Commission des lois constitutionnelles, de législation, du suffrage universel, du Règlement et d'administration générale — Réunion du 25 mai 2016 à 9h40
Réforme de la prescription en matière pénale — Examen du rapport

Photo de Jacques MézardJacques Mézard :

Je suis catastrophé par ce texte, d'autant plus que je connais l'un des deux co-auteurs. On ne peut pas instrumenter devant les tribunaux de notre beau pays pour aboutir à ce genre de texte. Légiférer sur les délais de prescriptions sans prendre en compte l'échelle des peines est gravissime. C'est de la folie furieuse. Je ne doute pas que le texte ait été élaboré en collaboration avec l'ancienne garde des sceaux. Le résultat est catastrophique. On prend acte de l'échec du fonctionnement de notre justice sans proposer d'autre solution que d'allonger les délais de prescription. Mieux vaudrait donner plus de moyens à la justice et veiller à ce que les peines prononcées soient exécutées.

Allonger les délais de prescriptions est désastreux tant pour les parties civiles que pour les prévenus. Imaginez une cour d'assises se réunir quinze ou dix-huit ans après les faits, avec des familles recomposées, etc. C'est calamiteux. Que l'on double tous les délais ou que l'on rende toutes les infractions imprescriptibles, les deux solutions sont déraisonnables. On ne peut pas déconnecter le délai de prescription de l'échelle des peines.

Quant au dépôt de plainte, quelle idée saugrenue ! Avec l'image que nos concitoyens ont des élus, chacun va s'amuser à lancer des accusations fantaisistes tous les huit jours, surtout en période électorale. C'est irresponsable.

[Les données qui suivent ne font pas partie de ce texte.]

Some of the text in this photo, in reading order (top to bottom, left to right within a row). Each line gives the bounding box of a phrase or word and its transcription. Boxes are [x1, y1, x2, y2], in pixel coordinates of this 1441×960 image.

Et la prescription des contraventions à deux ans... Franchement ! Ce n'est pas faciliter le travail de la justice ni de la police. Des certificats existent : au-delà de huit jours d'ITT, on est dans le délit. Ce n'est plus de la réforme, c'est du bougisme. On complique au lieu de simplifier.

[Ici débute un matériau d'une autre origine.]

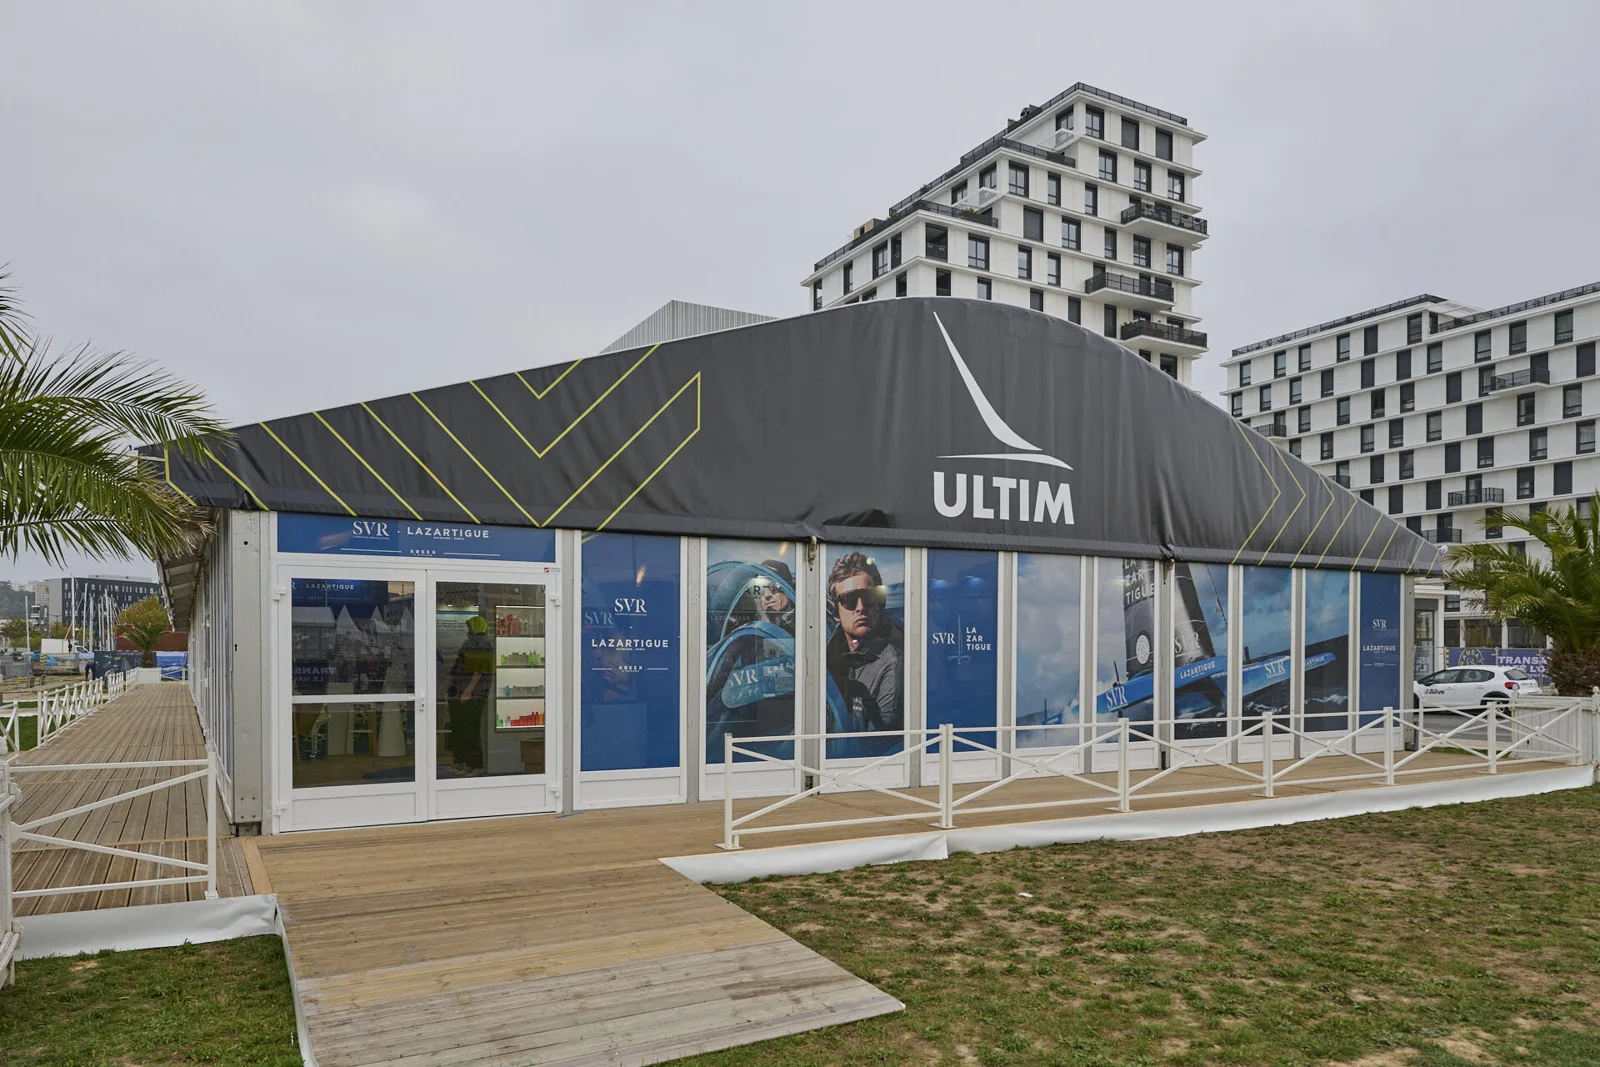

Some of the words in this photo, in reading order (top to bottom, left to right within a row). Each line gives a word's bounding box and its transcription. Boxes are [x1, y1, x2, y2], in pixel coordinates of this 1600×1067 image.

[933, 471, 1075, 525] ULTIM
[352, 520, 389, 537] SVR
[407, 526, 489, 539] LAZARTIGUE
[1125, 582, 1154, 604] TIGUE
[614, 598, 647, 613] SVR
[584, 611, 614, 625] SVR
[1372, 619, 1387, 629] SVR
[591, 639, 669, 648] LAZARTIGUE
[932, 632, 955, 645] SVR
[966, 643, 991, 651] TIGUE
[1264, 660, 1286, 676] SVR
[1498, 656, 1549, 665] TRANSA
[1180, 661, 1216, 679] LAZARTIGUE
[1106, 686, 1128, 709] SVR

En cas de guerre, malheureusement, on sait que le législateur peut bien faire tout ce qu'il a envie de faire. Je me souviens d'avoir plaidé devant le tribunal des forces armées en Allemagne à propos d'une jurisprudence de nos tribunaux administratifs considérant après la deuxième guerre mondiale que des viols commis par des militaires français n'étaient pas détachables du service public. Après cela, on peut toujours avoir de grandes idées.

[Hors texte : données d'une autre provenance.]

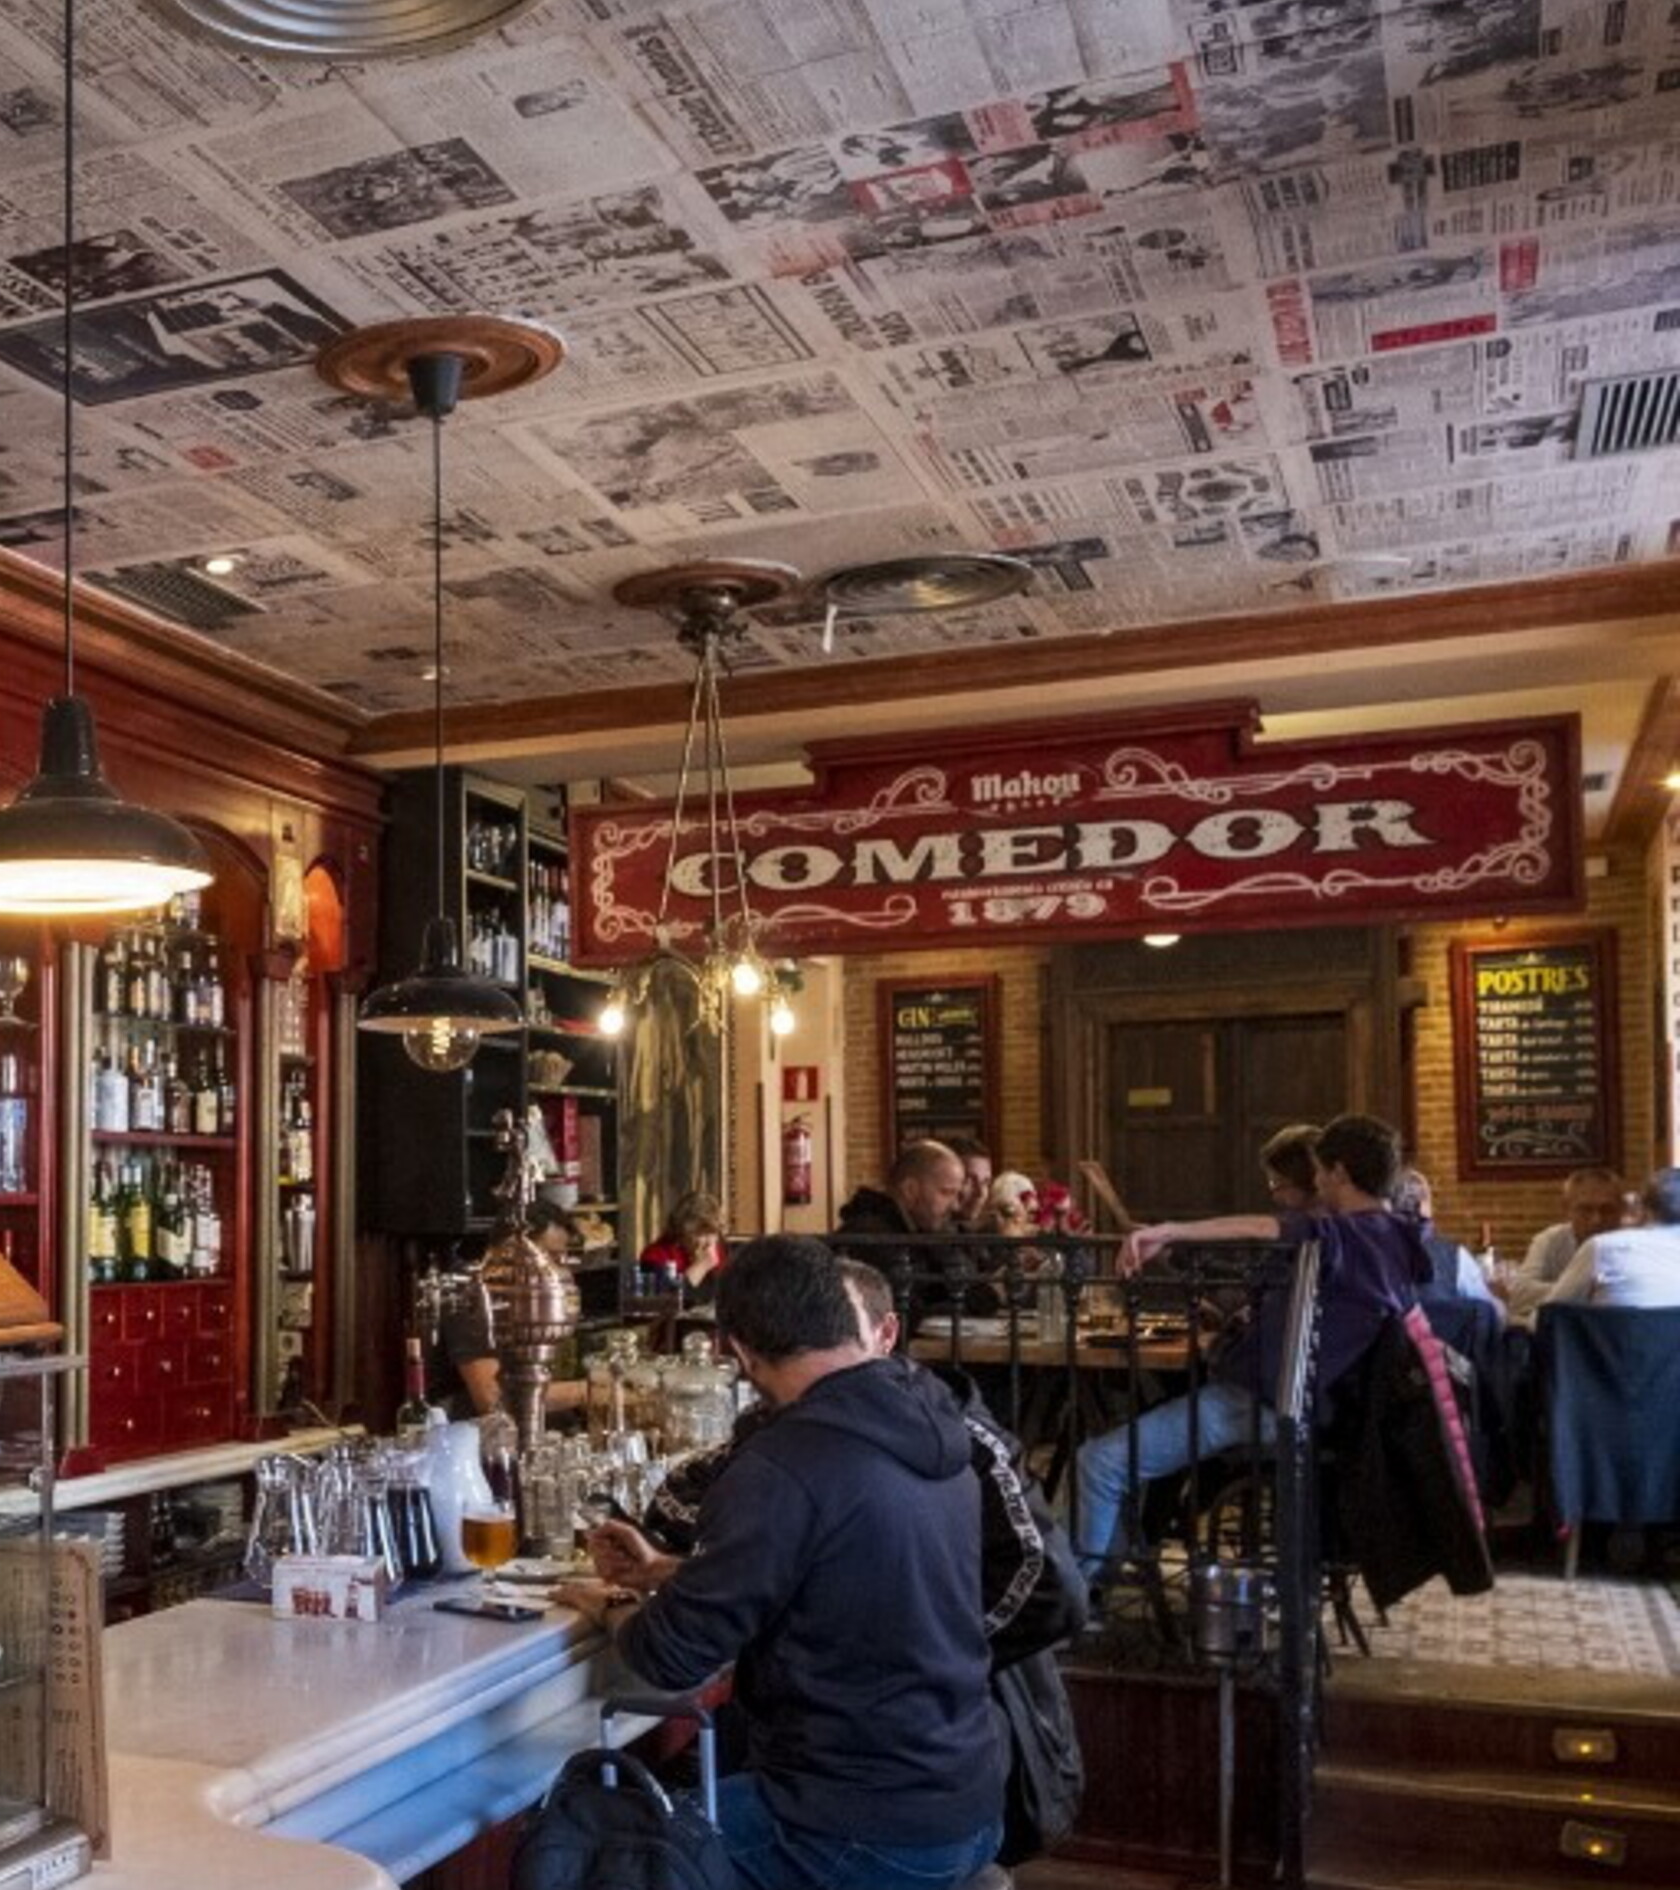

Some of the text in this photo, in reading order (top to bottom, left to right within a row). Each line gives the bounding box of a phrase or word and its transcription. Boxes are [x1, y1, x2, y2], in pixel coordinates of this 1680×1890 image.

[971, 769, 1081, 802] Mahou
[670, 799, 1436, 897] COMEDOR
[948, 892, 1108, 927] 1879
[1477, 965, 1590, 996] POSTRES

Je voterai contre ce texte, car ce n'est pas du bon travail. Cela ne signifie pas qu'il ne faudrait pas améliorer les délais de prescription. De là à les allonger au prétexte que la durée de vie augmente : où est le rapport ? Les méthodes se modernisent ; elles n'ont pas encore résolu l'affaire Grégory. On préfère l'affichage plutôt que de s'attaquer à la vraie réforme de la procédure pénale.